Conrad's next concern: That the incorporation and reconciliation of the transitions of care in the certified EHR will create a need for manual reconciliation, impacting clinical work flow.
"There are still fears about the vendors being ready to support the new technology requirements and the time frame of the certification process," he says. "The fact that CMS is publicly saying it is looking to address this is being well received. A plan for flexibility for hardships, however, will be important to not slow down the progression of providers moving to the new 2015 certified EHR technology." He suggests this would address the issue of an "all-or-nothing approach" in the industry which causes further delays.
David Muntz, CIO at GetWellNetwork, former ONC principal deputy director
Muntz, like the others, agrees there is still concern being expressed by those who are struggling with Stage 1 and Stage 2. "Hurried implementations with what some see as stretch goals can be disheartening," he notes.
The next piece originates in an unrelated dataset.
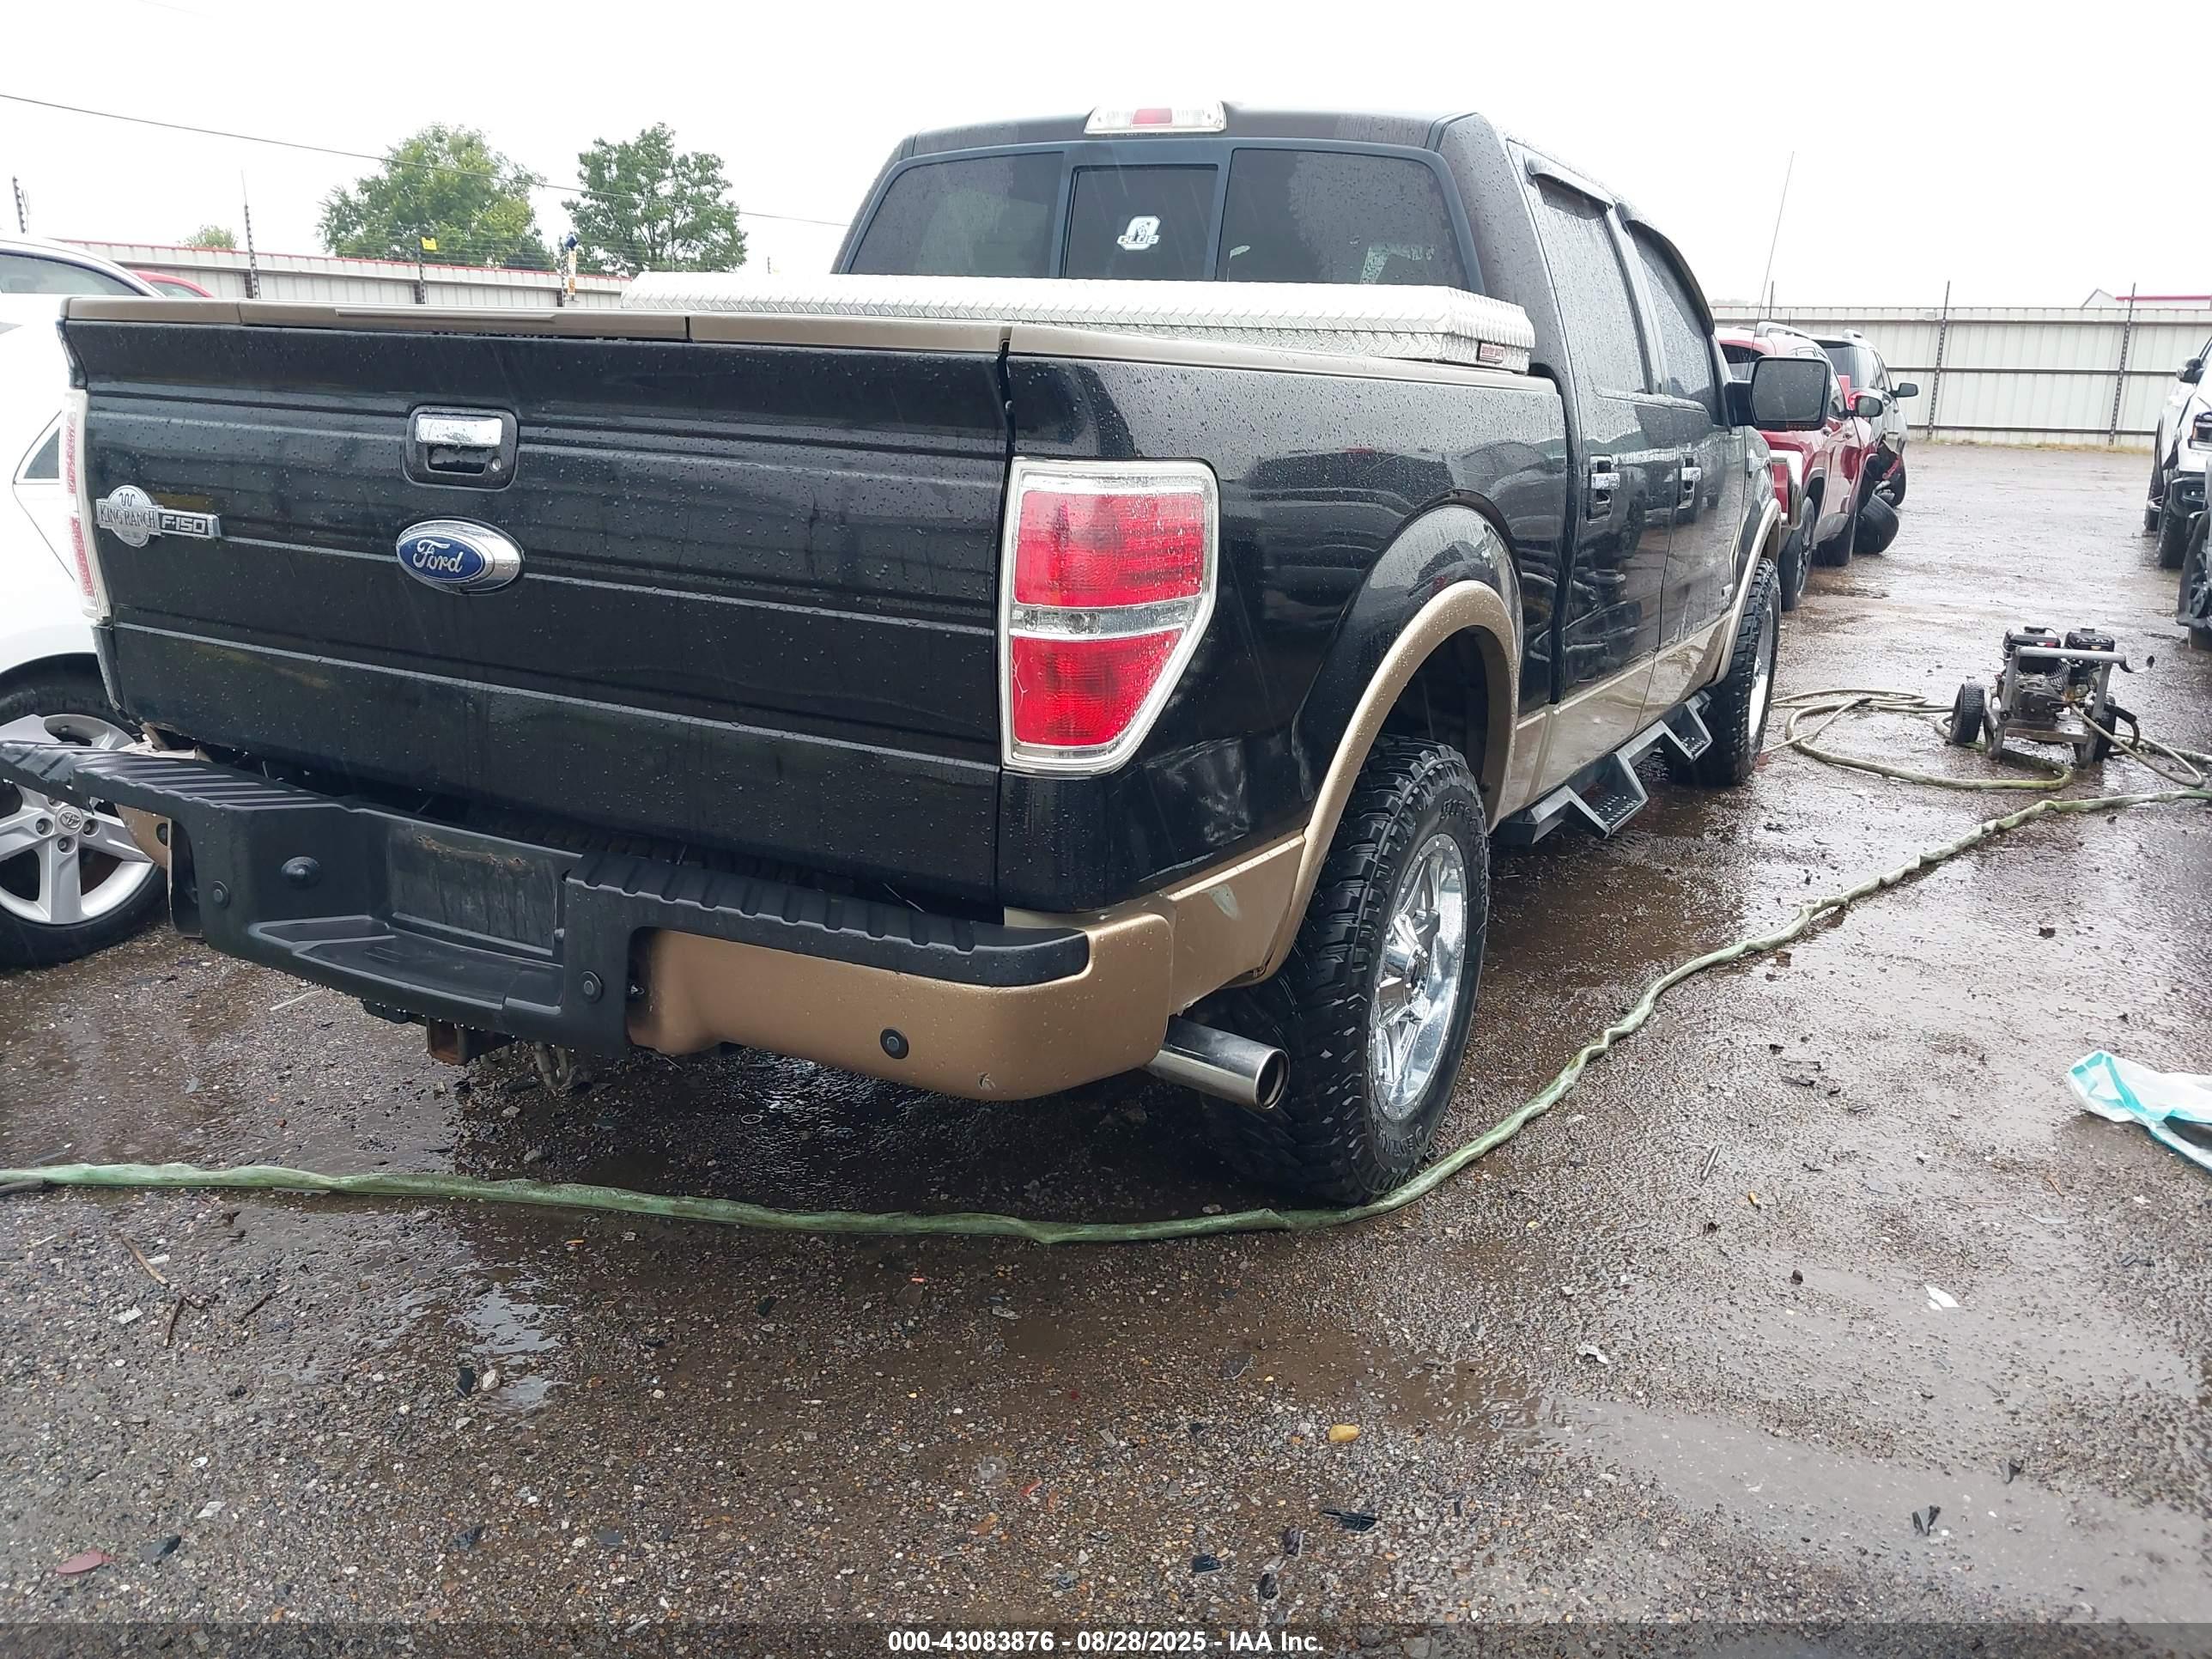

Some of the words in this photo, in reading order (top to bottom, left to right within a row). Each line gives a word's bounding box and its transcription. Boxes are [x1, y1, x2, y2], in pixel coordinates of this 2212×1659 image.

Here are Muntz's top considerations:
- The limit on adding new elements is a positive, though some of the thresholds that need to be met will be a concern to many, particularly those that require a provider to affect behaviors in the patients.
- Standardizing quality measures and adjusting the reporting period are good moves, but the possibility of requiring all vendors to have a complete set could delay release dates, negatively affecting the providers who must make the upgrades.
- The encouragement to add APIs to encourage data exchange is a positive. More thought, however, needs to be given to the areas where open APIs can prove beneficial. CCDA or the new Common Clinical Data Set is a good start, but there are so many other integration opportunities that can help purchasers and the patients, families and providers they represent.
- There is an emphasis on patient and family engagement, and while the features and functions required are a good start, many fall short of real-time interactions. Patients and families could be far more activated if they received the data as it was generated. The question in the NPRM on the use of real-time formulary is a good way to stimulate discussion about whether real-time capabilities should be utilized elsewhere.
- Secure messaging is a great idea, but the threshold for usage is really based on patient preference and may be a bit aggressive.
- Patient Generated Data is an important topic to address and deserves attention. The "who, how, what, and when" questions will need to be appropriately answered. This topic was a challenge in the paper-based world and the digital world answer is not any easier.
- The greatest disappointment was the continued use of specific features and functions without an alternative to deem features and functions based on a combination of appropriate process and outcome measures. A deeming approach would have given the users a great deal of latitude in how to implement features and functions that would have produced favorable outcomes.
As Muntz concludes, it will be important for stakeholders to share their feedback on these proposed rules.
"I hope that everyone who reads the regulations will respond with what they like as well as what they don't like," he says. "Only with the broadest possible input can we get what's best for the patients, families, providers and payers."